I was assuming there happens to be no need to specify exact locations of pieces in space using (x,y,z), but we do need to represent the way pieces have been snapped together. ie we were told that in the problem specification.

Are you saying connectivity graphs (where nodes are associated with Lego pieces) is not the right way to think at all - ie to properly embrace RM?

If a large connected composite of Lego pieces is moved around in space then we need to update all the positions of the pieces and that seems inefficient. With scenegraphs we can introduce the concept of local coordinate systems. In fact the ability to define homogenous transforms as decorator nodes in the scenegraph appears to be quite useful. Is there some way of getting the equivalent of these features in a relational model?

I guess a concrete example would be a robot arm where the segments are constructed from Lego pieces and each joint is paramerterised by a joint angle. Can you outline a suitable relational model?

> And again, plenty
> of begging the question there with "piece", "them", "its",
> "identifiers". Do you see how your language and frame of
> mind is steeped in "entity" brew?

I guess. Are you suggesting that even the problem description should avoid mention of entities. Is that possible?

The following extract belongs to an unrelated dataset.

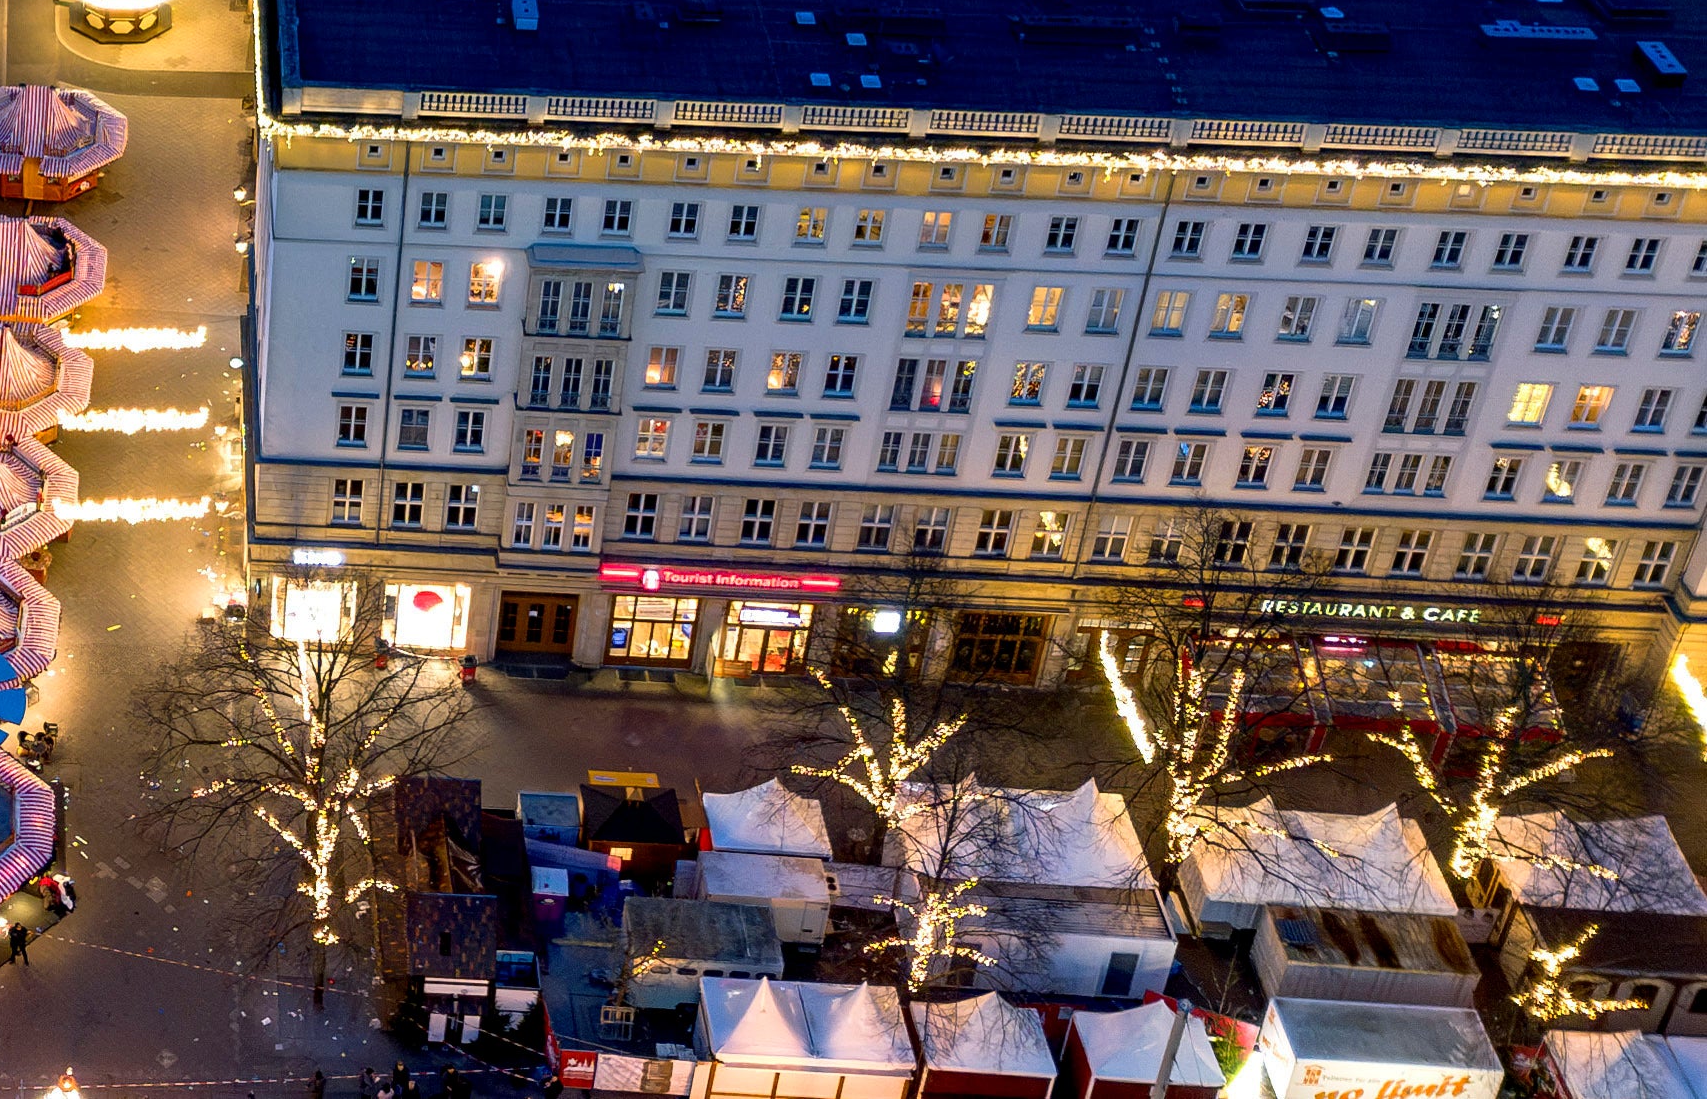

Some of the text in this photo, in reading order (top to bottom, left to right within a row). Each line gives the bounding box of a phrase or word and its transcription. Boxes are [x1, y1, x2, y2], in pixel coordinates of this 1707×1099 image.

[663, 571, 799, 589] Tourist Information
[1261, 599, 1396, 618] RESTAURANT
[1401, 606, 1415, 621] &

> > This all sounds well and good. Unfortunately I don't see
> > how we are going to store the information about what is
> > connected to what unless we identify the pieces themselves.
>
> Because you forgot about spatial location.
>
> > This is an unfortunate paradox.
>
> It's been said that just about anything is a paradox to
> someone out there.
>
> > On the one hand we need to uniquely identify the pieces in
> > order to represent the structure
>
> No we don't. "pieces" and especially piece "identity" are
> unnecessary.
>
> > and on the other hand, at some higher level we aren't at
> > all interested in the identity of the pieces.
>
> Well, we agree on that. At the moment though, you are still
> peering up to that higher ground from the entity quagmire.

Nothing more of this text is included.